Willcocks talks about $6 million as if it's a lot of money, relative to the much vaster scam it's just dandruff too.  To me, this article smacks of the same kind of junk we see from the Anonymeese, wanting to focus the controversy on Basi, and Bornmann, and to avoid discussion of elected officials, keeping them out of the way of both public attention and prosecution.  It has PAB written all over it, despite appearing to be "on the attack"....it's an attempt to keep the controversy focussed on the visible, and to keep the larger facts even more hidden and passed over than ever.

It's not as if Basi pioneered the system that he took part in, and it's not as if he was alone in doing the kinds of things he did.  Who taught him?  Who showed him "this is the normal way of doing business"?  "This is the way government/politics runs".  Them that has the money makes the rules, etc.

Also given Mike McDonald's and Patrick Kinsella's association with the Christy Clark campaign, and that these, er, gentlemen, helped oversee and took part in the "dirty tricks" of the Martin and Campbell leadership and election races - that they are cut from the same political cloth as Basi - is something of course the media, even on the attack, give a wide berth to.  That the Liberals are having a membership drive while the NDP have a 90-day lockdown on membership, re their leadership conventions, is suggestive of the bulk signups of the Martin and Campbell campaigns - in which Basi was not alone in contriving, and which were masterminded by a certain federal organizer now not connected by marriage to Clark's campaign, and whose name you also won't see often in BC Rail-related copy.

Willcocks is right in asking who decided who took the bribes are more important than those who paid them.  And if WMG's purchase of the Roberts Bank line was tainted, why wasn't Bruce Clark charged for his role in that?  Why wasn't WMG investigated?

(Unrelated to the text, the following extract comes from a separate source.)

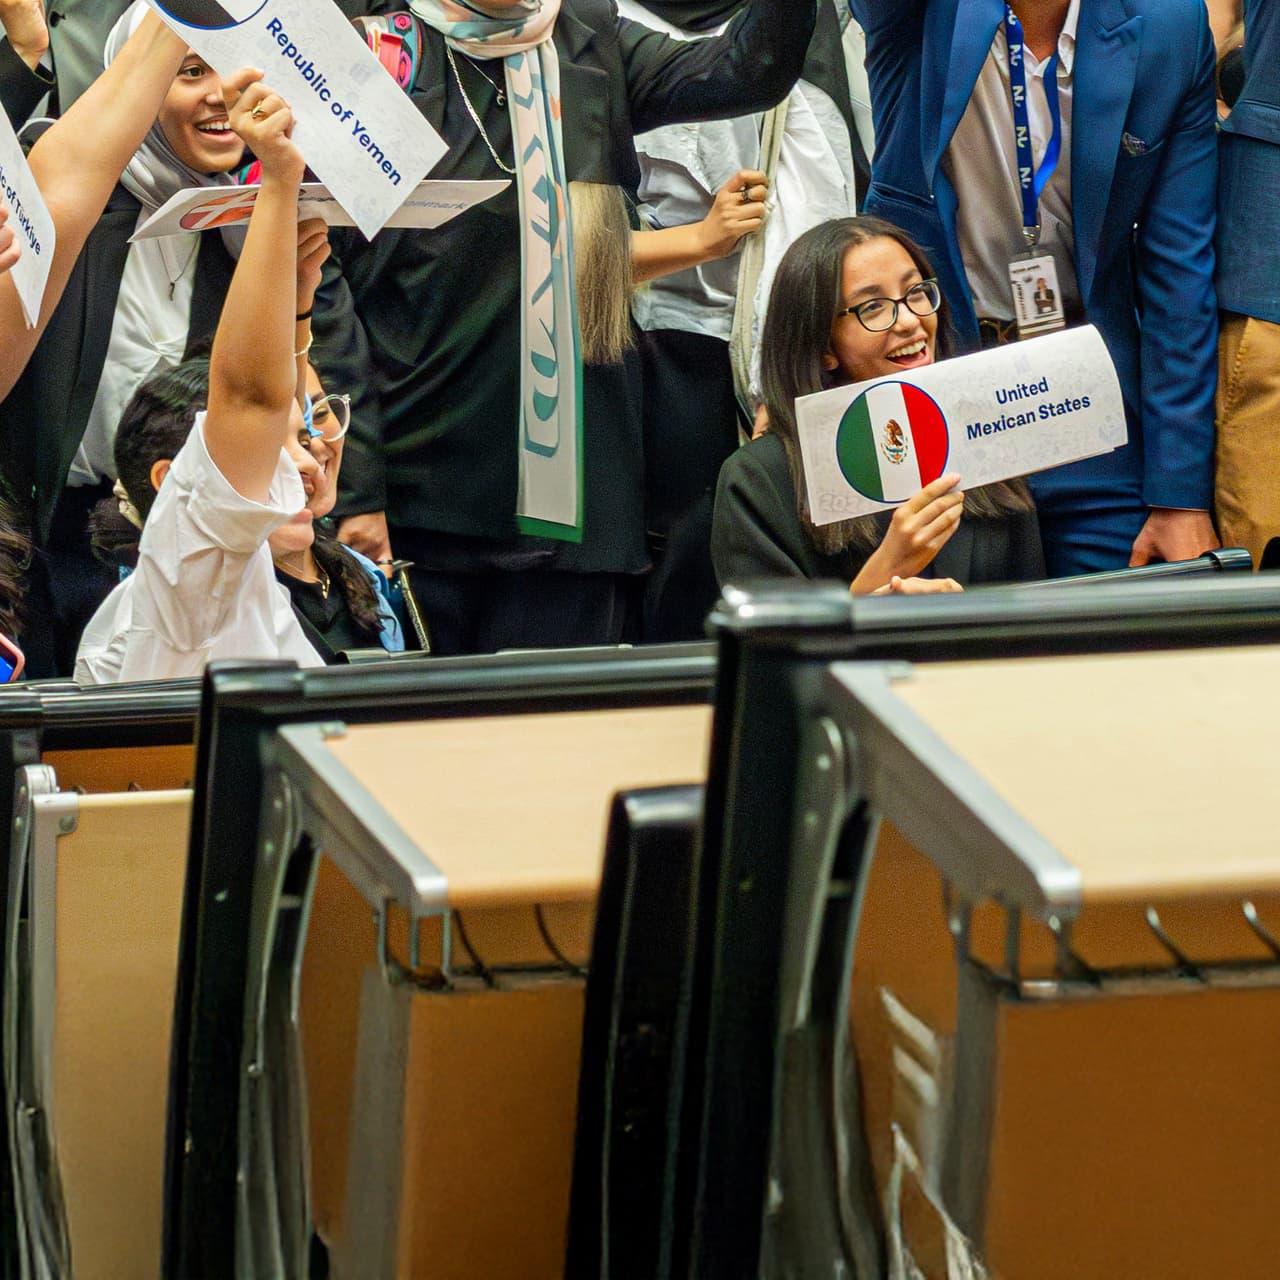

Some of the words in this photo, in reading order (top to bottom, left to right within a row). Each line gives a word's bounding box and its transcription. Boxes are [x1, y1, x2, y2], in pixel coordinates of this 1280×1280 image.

Having a consultant who was the Deputy Premier's brother was clever, but exactly what did he do for them?  Why, if OmniTRAX was even investigated, why weren't they charged for offering a benefit?

But these are all bit-players.  The fat lady in this opera is CN, and the "abduction from the seraglio" of the BCR.  Willcocks' article is among a tide of pieces which I think are meant to steer the public enquiry concept solely towards the details of the one transaction, and not the larger context which is far more serious.  In a way, it's reminiscent of Crown's behaviour in the trial, and of the PABsters, wanting to keep attention on Basi and Bornmann, and off everybody else - an "everybody else" who were, as Defence was trying to prove, their political masters and where the orders were coming from.

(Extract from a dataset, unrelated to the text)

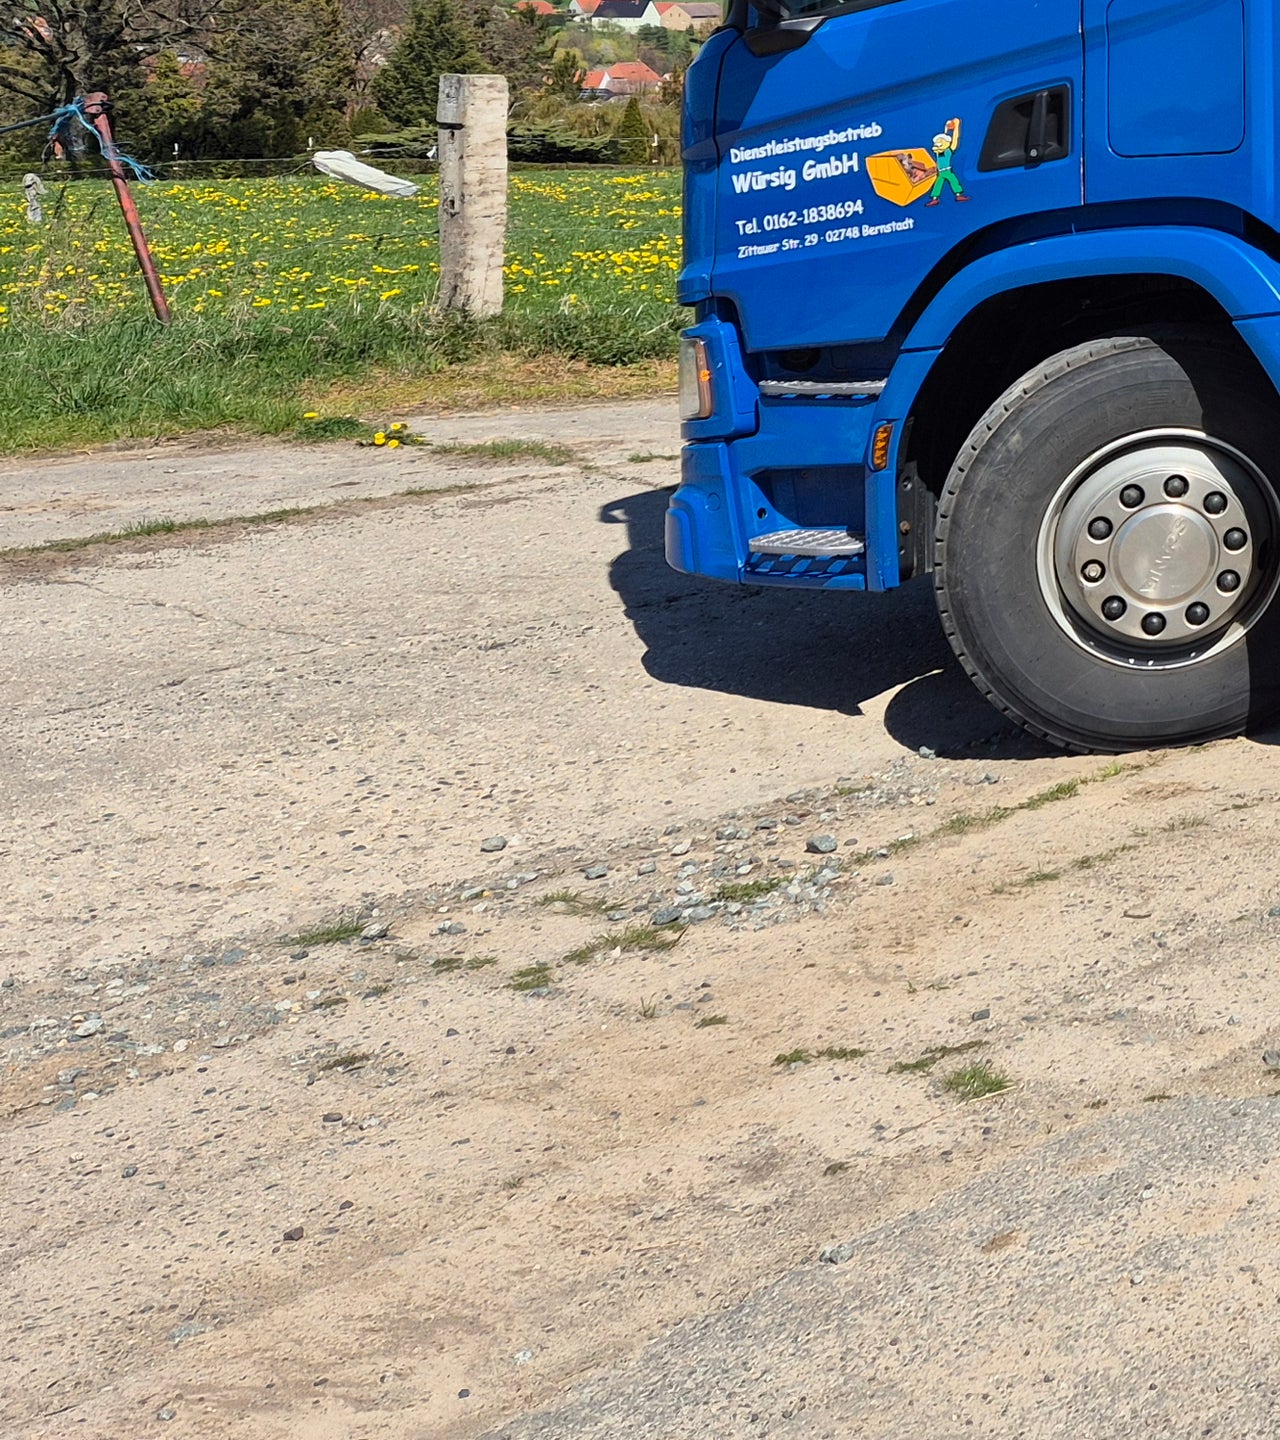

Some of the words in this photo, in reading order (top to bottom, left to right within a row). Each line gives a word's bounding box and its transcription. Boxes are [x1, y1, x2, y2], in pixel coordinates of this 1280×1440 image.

Did OmniTRAX break US trade laws by squiring junior government officials to come see a football game and have some drinks?  Maybe....but why haven't US authorities acted on this?

And c'mon, how many perks has CN given all kinds of Liberals (in addition to those huge campaign contributions).  And where's that story again, about Campbell, Kinsella and McLean hanging out during the thick of the so-called bidding process?


And speaking of tax fraud, those tax indemnities in the BC Rail deal, those stink to high heaven and given the origin of the deal in a insider-influenced bidding process, the paperwork should be looked at closely....if only we knew where the paperwork was, i.e. what the contracts actually are.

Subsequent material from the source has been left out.